ASSIGNED TASK. Without including any pictures, write out the data below exactly.
□ □ □ □
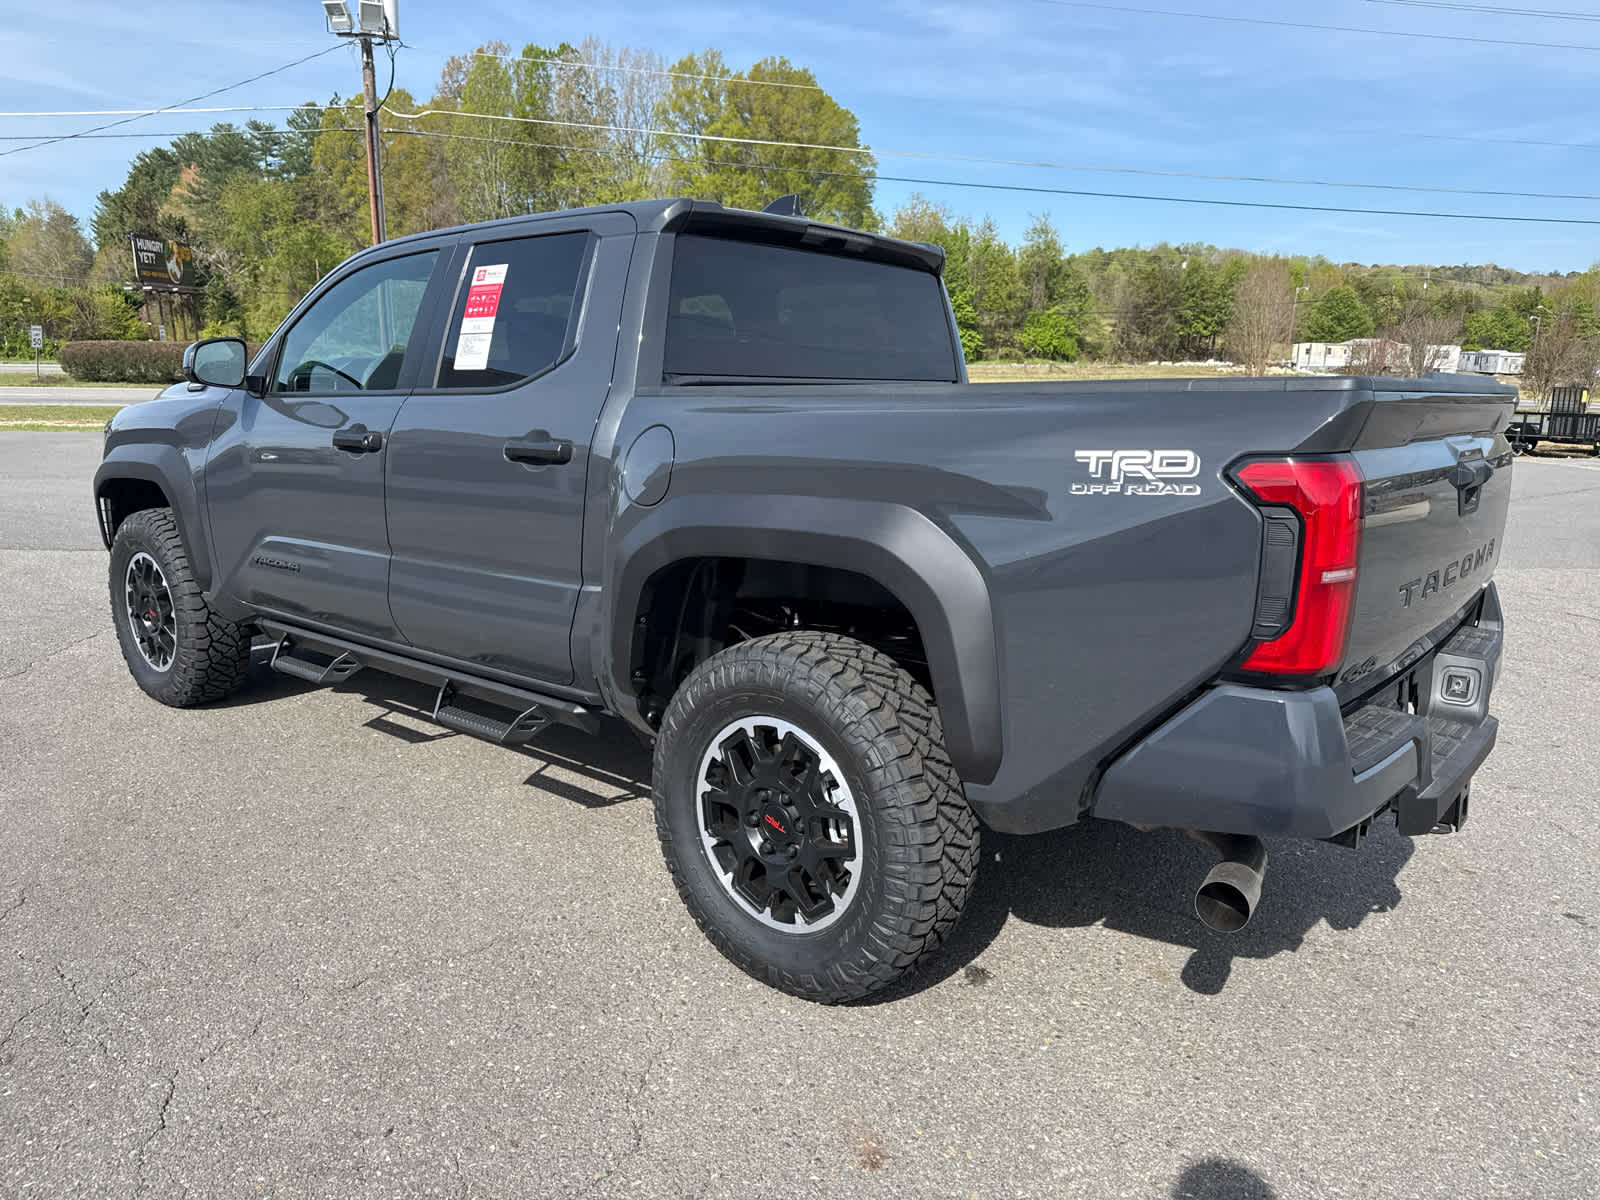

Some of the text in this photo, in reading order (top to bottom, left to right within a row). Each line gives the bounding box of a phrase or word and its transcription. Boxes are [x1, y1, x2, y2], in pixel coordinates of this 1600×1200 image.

[136, 238, 164, 253] HUNGRY
[138, 251, 156, 264] YET?
[1074, 450, 1201, 484] TRD
[1069, 481, 1202, 496] OFF ROAD
[1399, 538, 1495, 608] TACOMA
□ □ □ □
FINISHED TASK.
Some of the text in this photo, in reading order (top to bottom, left to right within a row). Each line gives the bounding box of a phrase or word and its transcription. Boxes are [x1, y1, x2, y2], in pixel coordinates of this 1600×1200 image.

[136, 238, 164, 253] HUNGRY
[138, 251, 156, 264] YET?
[1074, 450, 1201, 484] TRD
[1069, 481, 1202, 496] OFF ROAD
[1399, 538, 1495, 608] TACOMA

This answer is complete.